We enjoyed reading from the stack of National Geographics available. I suggested to Chuck that we subscribe when we return home. He reminded me that we can pick them up for a quarter from the library.
Rick recommended driving around the Skellig Ring. Unfortunately, he is writing to drivers of small cars.
Uh oh, mist ahead and a very narrow, bumpy road. Visibility was fading fast.
This is where we decided to turn around.
It was a good decision—we were back in Portmagee in no time where the road was much better. We carried on with the regular Ring of Kerry road stopping in Waterville where Charlie Chaplin spent a lot of time.
View from Waterville
By now the thick clouds were clearing but we missed one of the best parts—the views going over the Coomakesta Pass. Our frustration continued when we could not find the Derrynane House, something we were looking forward to. This was the home of Daniel O’Connell, the hero of Catholic emancipation in Ireland. We searched for signs as we came close to its location. The first one said “Derrynane House next right, 3.5 km.” Nope, didn’t find it. Maybe the arrow was on the pole with the other 12 signs all pointing in different directions. Just how fast are my eyes and brain supposed to be able to work together from a moving vehicle? So, we drove until we found a place to turn around. Coming back, we saw a sign saying “Derrynane House next left 2.5 km.” Then, of course, nothing. Where’s the sign posted at the turn? I guess it wasn’t meant to be.
I think we are beginning to burn out on travel. Have we seen too much? Is it becoming the same old, same old? Perhaps. Personally, I wouldn’t even do the Ring of Kerry. We felt the pressure to hurry to avoid the obese buses filled to the brim with other tourists (we know we’re tourists too). Traveling at this time of year has definitely been a challenge. I’m almost agoraphobic when it comes to crowds and just want to run screaming when I see them. They seem to morph into a giant cell of squirming flesh, unconscious of any other people. The sense of entitlement just galls me. They’ll take pictures of things that everyone else wants and then stand in that spot, blocking the view, while they check their camera to see how that one and the last dozen turned out. OK, so now I’m whining. The good news is, we did the Ring in 5-1/2 hours as compared to the 8 hours it usually takes. We saw almost no one.

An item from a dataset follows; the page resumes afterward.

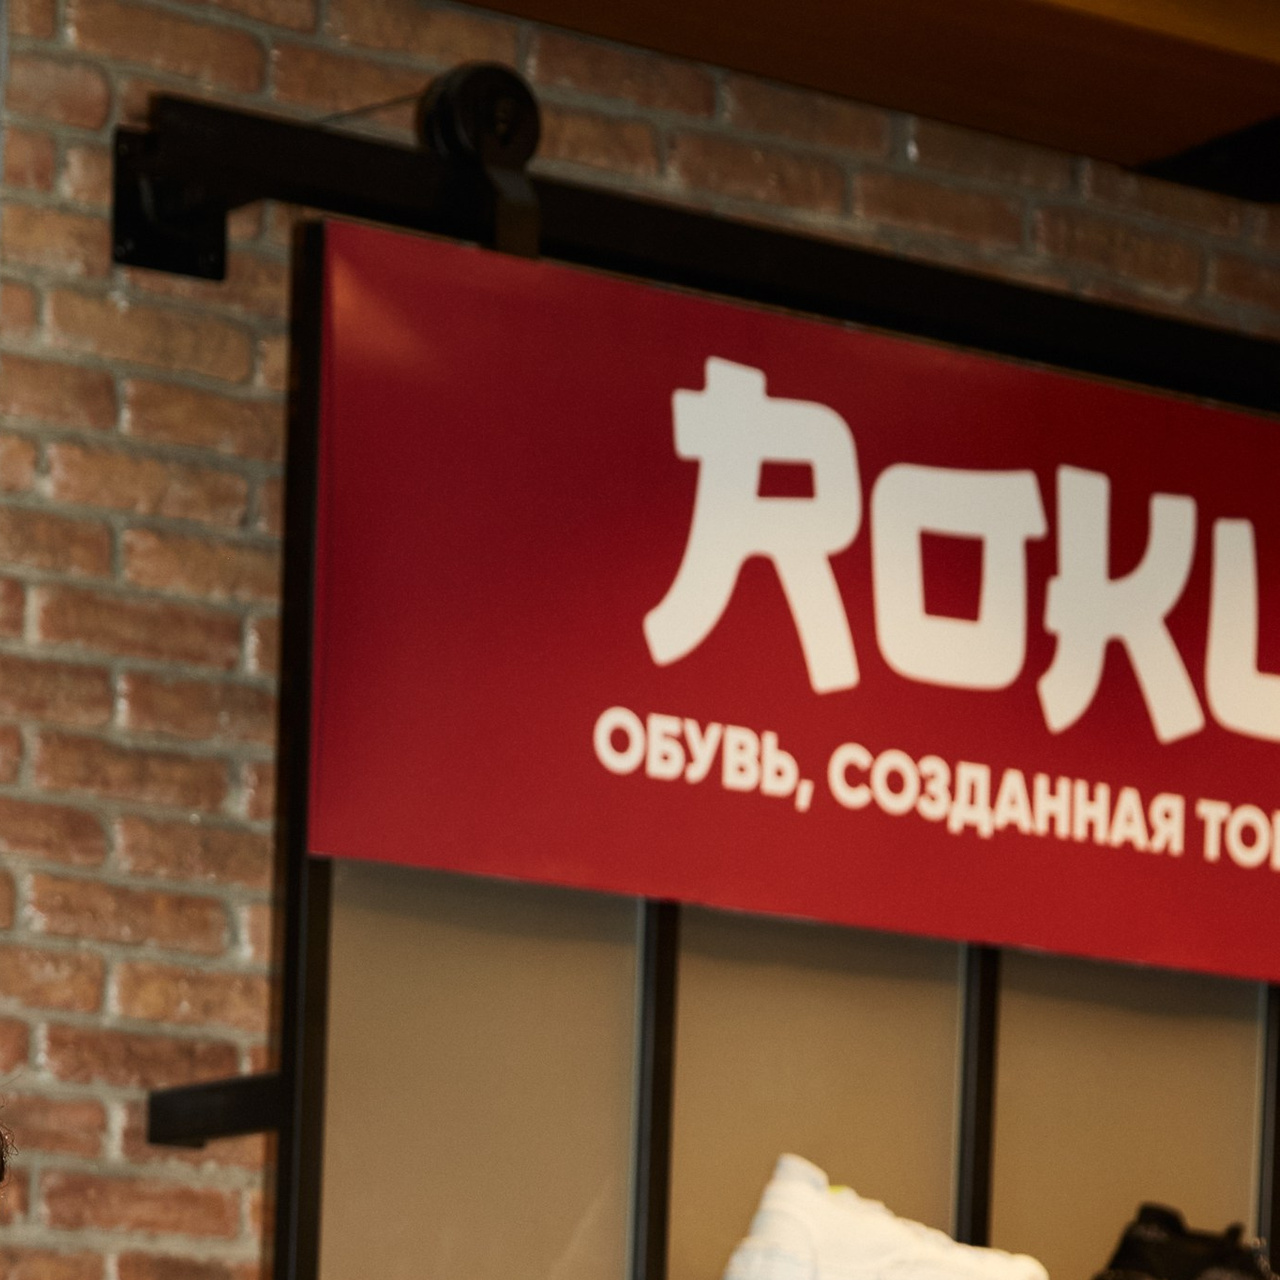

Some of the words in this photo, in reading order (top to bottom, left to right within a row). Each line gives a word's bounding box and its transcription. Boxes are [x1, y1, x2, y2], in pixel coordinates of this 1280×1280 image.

[593, 706, 814, 812] ОБУВЬ,
[827, 743, 1186, 857] СОЗДАННАЯ
[1195, 798, 1280, 872] ТО

We aren’t happy with having to book everything in advance, forcing us to be on a tightly planned schedule. We would have loved to leave Galway but paying in advance is the way it goes and there are no refunds. Our next week and a half in Ireland is a bit more relaxed and we’re hoping that Wales will be even more so. But, it could be that we’ve just seen and done enough. I think we’re both ready to be home. You did want me to be honest, right?
Oh, but look at this! Wouldn't we just love to have one of these little guys.